Required work: Set the records down again in full, exactly as they are, apart from the images.

[Input records]

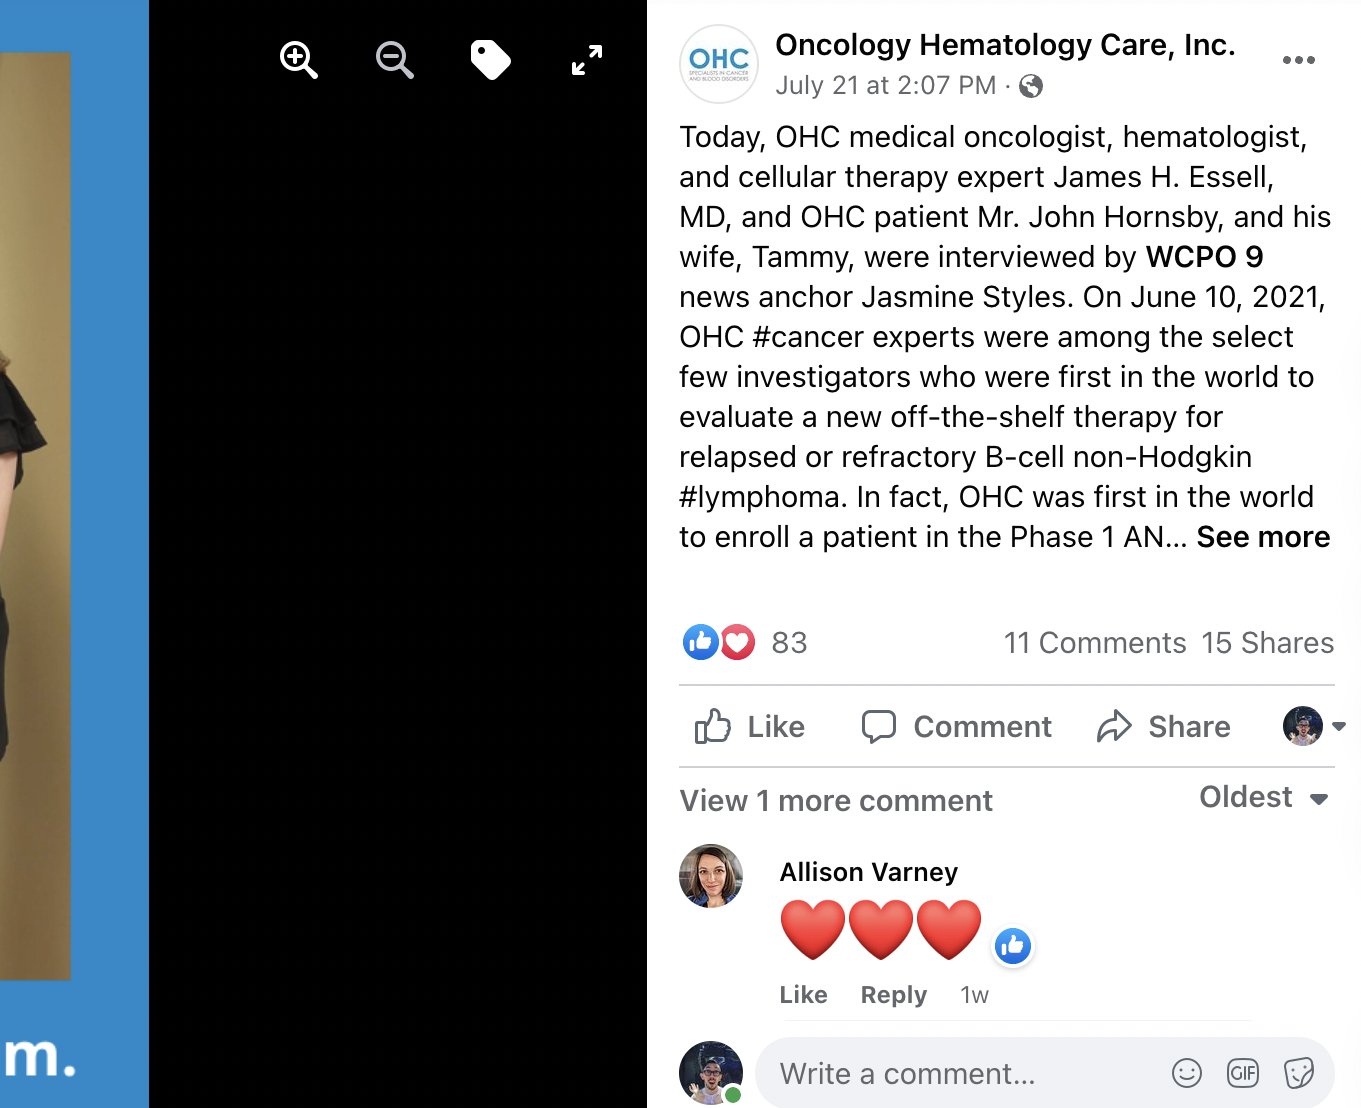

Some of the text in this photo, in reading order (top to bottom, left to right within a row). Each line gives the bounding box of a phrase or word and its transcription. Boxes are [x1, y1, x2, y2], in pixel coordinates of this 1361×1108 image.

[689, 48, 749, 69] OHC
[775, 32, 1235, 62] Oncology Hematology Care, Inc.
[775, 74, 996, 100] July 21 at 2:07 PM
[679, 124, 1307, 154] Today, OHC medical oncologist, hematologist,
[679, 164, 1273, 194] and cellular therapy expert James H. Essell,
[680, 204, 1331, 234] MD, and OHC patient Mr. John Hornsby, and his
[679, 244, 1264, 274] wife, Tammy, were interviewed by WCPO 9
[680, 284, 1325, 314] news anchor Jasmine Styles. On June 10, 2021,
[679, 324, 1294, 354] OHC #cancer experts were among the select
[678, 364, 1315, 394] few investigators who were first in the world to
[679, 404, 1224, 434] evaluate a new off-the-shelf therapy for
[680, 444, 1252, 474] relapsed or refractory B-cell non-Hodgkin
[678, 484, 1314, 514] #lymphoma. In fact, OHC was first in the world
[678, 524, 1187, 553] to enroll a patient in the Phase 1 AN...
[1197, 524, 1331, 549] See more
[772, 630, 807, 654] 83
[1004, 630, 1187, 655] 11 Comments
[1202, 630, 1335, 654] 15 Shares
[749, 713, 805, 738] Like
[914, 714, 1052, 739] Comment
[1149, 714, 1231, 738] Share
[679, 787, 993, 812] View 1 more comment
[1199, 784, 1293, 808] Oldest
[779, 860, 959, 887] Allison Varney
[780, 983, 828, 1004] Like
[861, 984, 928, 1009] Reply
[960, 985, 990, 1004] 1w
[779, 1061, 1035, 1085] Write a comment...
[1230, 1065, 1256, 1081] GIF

[/Input records]

Response to the task:
Some of the text in this photo, in reading order (top to bottom, left to right within a row). Each line gives the bounding box of a phrase or word and its transcription. Boxes are [x1, y1, x2, y2], in pixel coordinates of this 1361×1108 image.

[689, 48, 749, 69] OHC
[775, 32, 1235, 62] Oncology Hematology Care, Inc.
[775, 74, 996, 100] July 21 at 2:07 PM
[679, 124, 1307, 154] Today, OHC medical oncologist, hematologist,
[679, 164, 1273, 194] and cellular therapy expert James H. Essell,
[680, 204, 1331, 234] MD, and OHC patient Mr. John Hornsby, and his
[679, 244, 1264, 274] wife, Tammy, were interviewed by WCPO 9
[680, 284, 1325, 314] news anchor Jasmine Styles. On June 10, 2021,
[679, 324, 1294, 354] OHC #cancer experts were among the select
[678, 364, 1315, 394] few investigators who were first in the world to
[679, 404, 1224, 434] evaluate a new off-the-shelf therapy for
[680, 444, 1252, 474] relapsed or refractory B-cell non-Hodgkin
[678, 484, 1314, 514] #lymphoma. In fact, OHC was first in the world
[678, 524, 1187, 553] to enroll a patient in the Phase 1 AN...
[1197, 524, 1331, 549] See more
[772, 630, 807, 654] 83
[1004, 630, 1187, 655] 11 Comments
[1202, 630, 1335, 654] 15 Shares
[749, 713, 805, 738] Like
[914, 714, 1052, 739] Comment
[1149, 714, 1231, 738] Share
[679, 787, 993, 812] View 1 more comment
[1199, 784, 1293, 808] Oldest
[779, 860, 959, 887] Allison Varney
[780, 983, 828, 1004] Like
[861, 984, 928, 1009] Reply
[960, 985, 990, 1004] 1w
[779, 1061, 1035, 1085] Write a comment...
[1230, 1065, 1256, 1081] GIF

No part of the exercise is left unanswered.